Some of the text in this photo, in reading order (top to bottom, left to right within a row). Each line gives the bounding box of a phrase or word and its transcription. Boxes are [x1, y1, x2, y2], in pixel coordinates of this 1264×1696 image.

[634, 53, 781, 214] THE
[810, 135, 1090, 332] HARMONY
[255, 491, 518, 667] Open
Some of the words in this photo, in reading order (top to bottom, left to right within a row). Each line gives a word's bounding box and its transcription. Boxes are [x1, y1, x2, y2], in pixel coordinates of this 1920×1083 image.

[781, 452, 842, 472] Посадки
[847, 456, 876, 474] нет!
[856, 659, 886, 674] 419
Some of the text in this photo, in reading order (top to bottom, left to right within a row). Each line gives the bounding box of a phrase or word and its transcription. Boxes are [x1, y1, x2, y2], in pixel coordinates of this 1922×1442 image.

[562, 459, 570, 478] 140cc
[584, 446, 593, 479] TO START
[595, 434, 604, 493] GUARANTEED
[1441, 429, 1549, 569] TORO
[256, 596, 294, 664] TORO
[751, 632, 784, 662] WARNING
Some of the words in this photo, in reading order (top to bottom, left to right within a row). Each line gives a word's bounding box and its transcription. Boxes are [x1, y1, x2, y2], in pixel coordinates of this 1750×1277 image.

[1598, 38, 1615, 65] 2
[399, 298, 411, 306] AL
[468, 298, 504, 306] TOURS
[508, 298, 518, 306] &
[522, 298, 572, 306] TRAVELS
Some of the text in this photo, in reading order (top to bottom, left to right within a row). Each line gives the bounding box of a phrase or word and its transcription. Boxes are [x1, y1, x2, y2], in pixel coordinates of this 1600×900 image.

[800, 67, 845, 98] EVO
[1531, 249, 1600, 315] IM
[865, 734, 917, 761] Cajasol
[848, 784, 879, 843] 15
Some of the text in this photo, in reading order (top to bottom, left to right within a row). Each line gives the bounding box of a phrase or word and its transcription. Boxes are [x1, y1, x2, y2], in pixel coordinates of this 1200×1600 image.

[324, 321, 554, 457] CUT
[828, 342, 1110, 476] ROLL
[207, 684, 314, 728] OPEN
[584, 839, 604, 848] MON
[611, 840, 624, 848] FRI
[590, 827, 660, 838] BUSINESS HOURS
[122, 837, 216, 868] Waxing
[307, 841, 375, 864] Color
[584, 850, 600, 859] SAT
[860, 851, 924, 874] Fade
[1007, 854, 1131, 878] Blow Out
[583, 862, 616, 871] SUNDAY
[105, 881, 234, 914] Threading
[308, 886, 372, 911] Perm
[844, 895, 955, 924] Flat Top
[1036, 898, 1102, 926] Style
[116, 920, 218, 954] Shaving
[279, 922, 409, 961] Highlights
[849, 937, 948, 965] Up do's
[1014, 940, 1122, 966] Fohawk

________________

The full listing above should be returned exactly as supplied.

Some of the text in this photo, in reading order (top to bottom, left to right within a row). Each line gives the bounding box of a phrase or word and its transcription. Boxes are [x1, y1, x2, y2], in pixel coordinates of this 1264×1696 image.

[634, 53, 781, 214] THE
[810, 135, 1090, 332] HARMONY
[255, 491, 518, 667] Open
Some of the words in this photo, in reading order (top to bottom, left to right within a row). Each line gives a word's bounding box and its transcription. Boxes are [x1, y1, x2, y2], in pixel coordinates of this 1920×1083 image.

[781, 452, 842, 472] Посадки
[847, 456, 876, 474] нет!
[856, 659, 886, 674] 419
Some of the text in this photo, in reading order (top to bottom, left to right within a row). Each line gives the bounding box of a phrase or word and its transcription. Boxes are [x1, y1, x2, y2], in pixel coordinates of this 1922×1442 image.

[562, 459, 570, 478] 140cc
[584, 446, 593, 479] TO START
[595, 434, 604, 493] GUARANTEED
[1441, 429, 1549, 569] TORO
[256, 596, 294, 664] TORO
[751, 632, 784, 662] WARNING
Some of the words in this photo, in reading order (top to bottom, left to right within a row). Each line gives a word's bounding box and its transcription. Boxes are [x1, y1, x2, y2], in pixel coordinates of this 1750×1277 image.

[1598, 38, 1615, 65] 2
[399, 298, 411, 306] AL
[468, 298, 504, 306] TOURS
[508, 298, 518, 306] &
[522, 298, 572, 306] TRAVELS
Some of the text in this photo, in reading order (top to bottom, left to right within a row). Each line gives the bounding box of a phrase or word and its transcription. Boxes are [x1, y1, x2, y2], in pixel coordinates of this 1600×900 image.

[800, 67, 845, 98] EVO
[1531, 249, 1600, 315] IM
[865, 734, 917, 761] Cajasol
[848, 784, 879, 843] 15
Some of the text in this photo, in reading order (top to bottom, left to right within a row). Each line gives the bounding box of a phrase or word and its transcription. Boxes are [x1, y1, x2, y2], in pixel coordinates of this 1200×1600 image.

[324, 321, 554, 457] CUT
[828, 342, 1110, 476] ROLL
[207, 684, 314, 728] OPEN
[584, 839, 604, 848] MON
[611, 840, 624, 848] FRI
[590, 827, 660, 838] BUSINESS HOURS
[122, 837, 216, 868] Waxing
[307, 841, 375, 864] Color
[584, 850, 600, 859] SAT
[860, 851, 924, 874] Fade
[1007, 854, 1131, 878] Blow Out
[583, 862, 616, 871] SUNDAY
[105, 881, 234, 914] Threading
[308, 886, 372, 911] Perm
[844, 895, 955, 924] Flat Top
[1036, 898, 1102, 926] Style
[116, 920, 218, 954] Shaving
[279, 922, 409, 961] Highlights
[849, 937, 948, 965] Up do's
[1014, 940, 1122, 966] Fohawk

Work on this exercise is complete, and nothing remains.